◆ **Input records**:
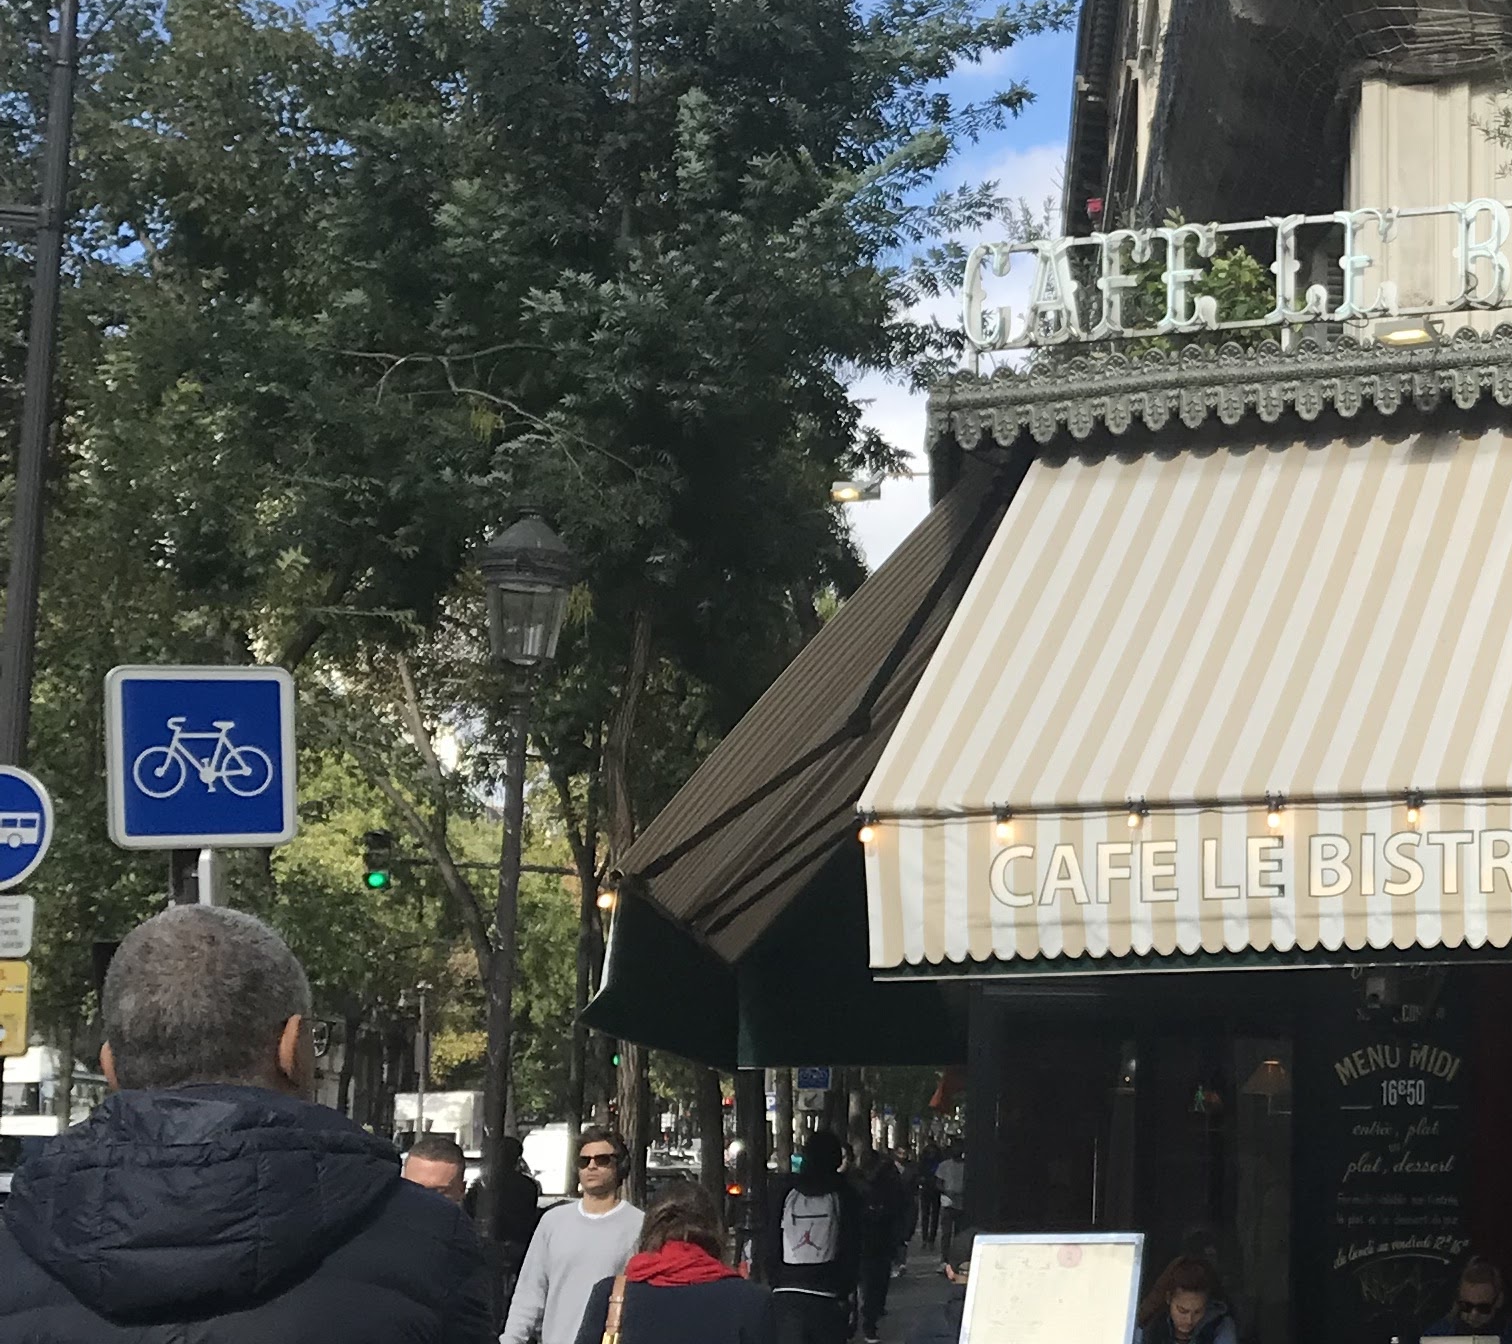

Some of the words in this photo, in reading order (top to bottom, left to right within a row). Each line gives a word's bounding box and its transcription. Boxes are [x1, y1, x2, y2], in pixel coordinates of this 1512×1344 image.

[961, 220, 1220, 350] CAFE
[1265, 206, 1400, 325] LE
[988, 835, 1180, 910] CAFE
[1199, 833, 1287, 902] LE
[1334, 1043, 1400, 1087] MENU
[1409, 1042, 1461, 1083] MIDI
[1404, 1116, 1440, 1144] plat
[1392, 1150, 1456, 1173] dessert
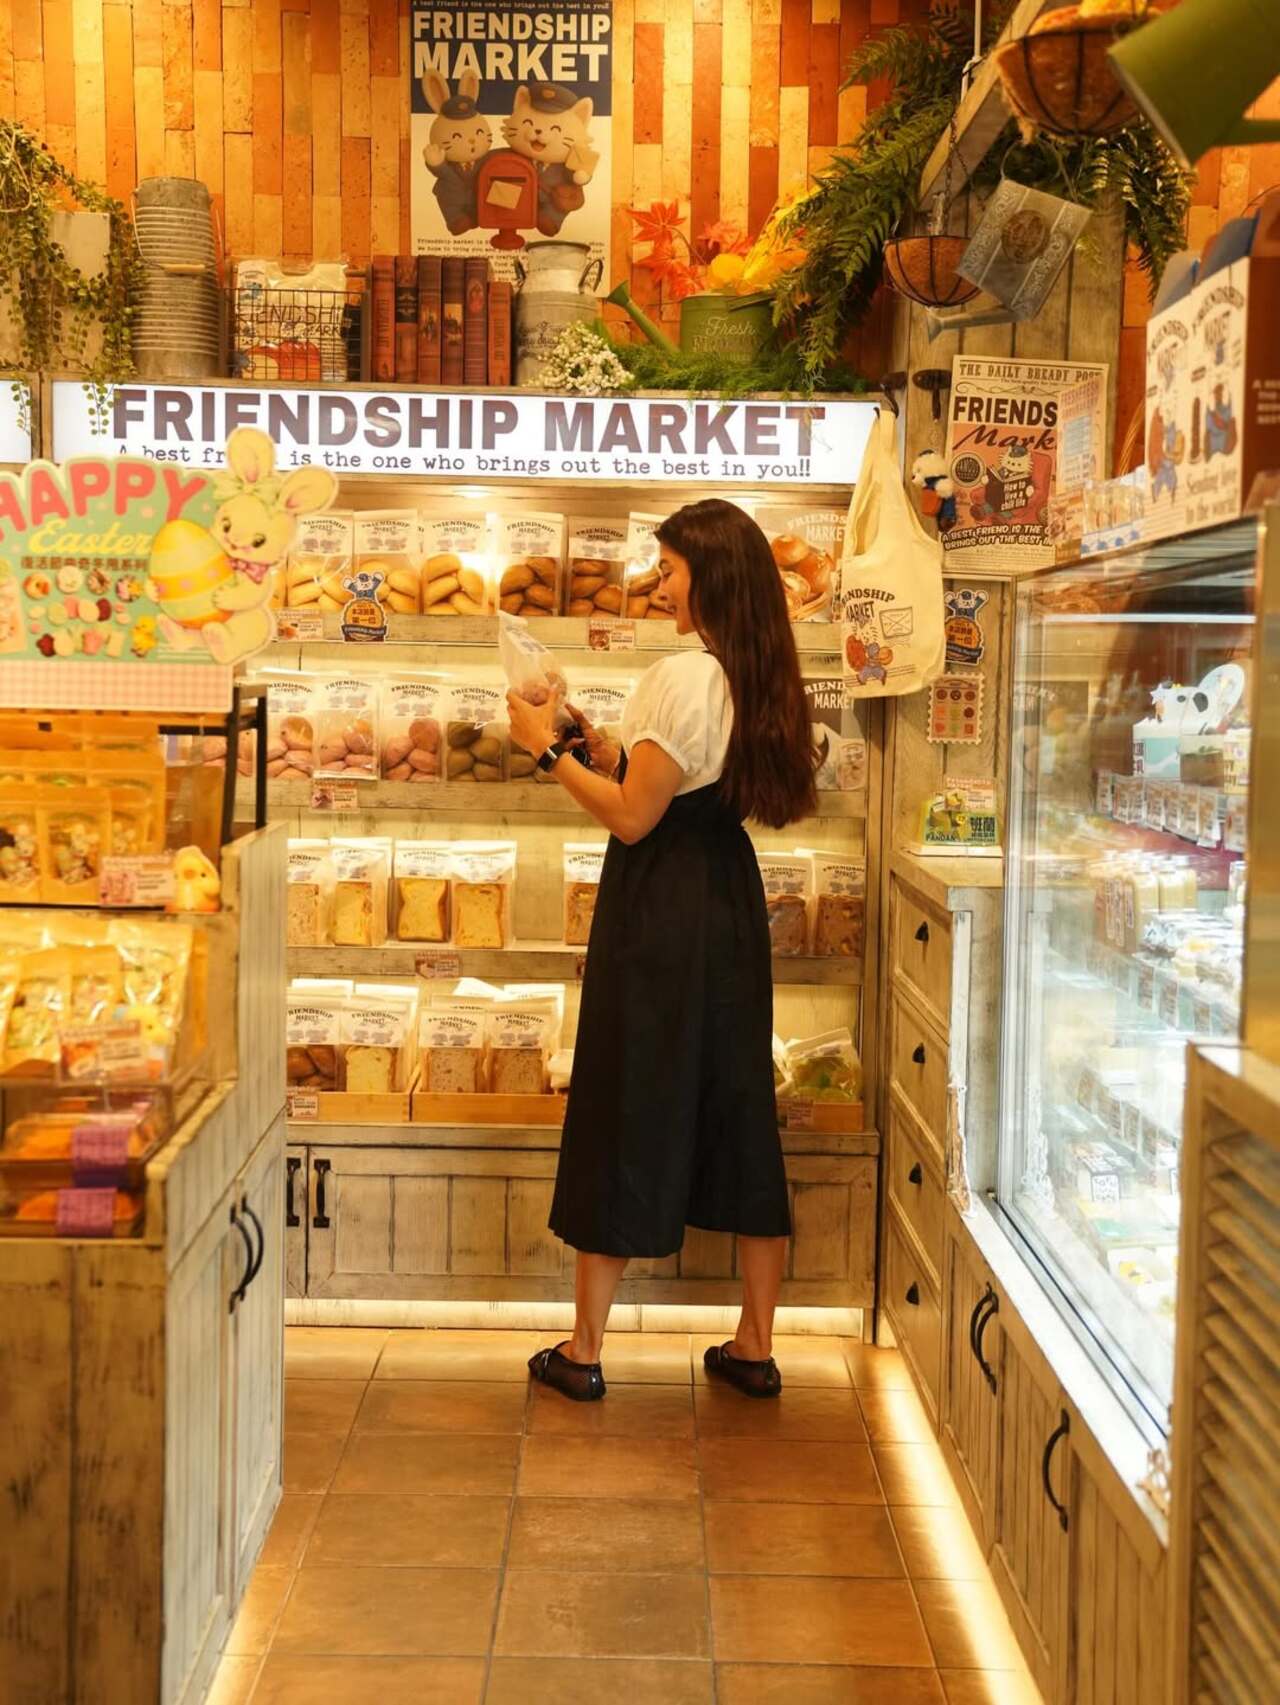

◆ **Assignment**:
In your answer, repeat the material above in full, exactly, and without its pictures.

◆ **Response for this exercise**:
Some of the words in this photo, in reading order (top to bottom, left to right within a row). Each line gives a word's bounding box and its transcription. Boxes are [x1, y1, x2, y2], in pixel coordinates of this 1512×1344 image.

[961, 220, 1220, 350] CAFE
[1265, 206, 1400, 325] LE
[988, 835, 1180, 910] CAFE
[1199, 833, 1287, 902] LE
[1334, 1043, 1400, 1087] MENU
[1409, 1042, 1461, 1083] MIDI
[1404, 1116, 1440, 1144] plat
[1392, 1150, 1456, 1173] dessert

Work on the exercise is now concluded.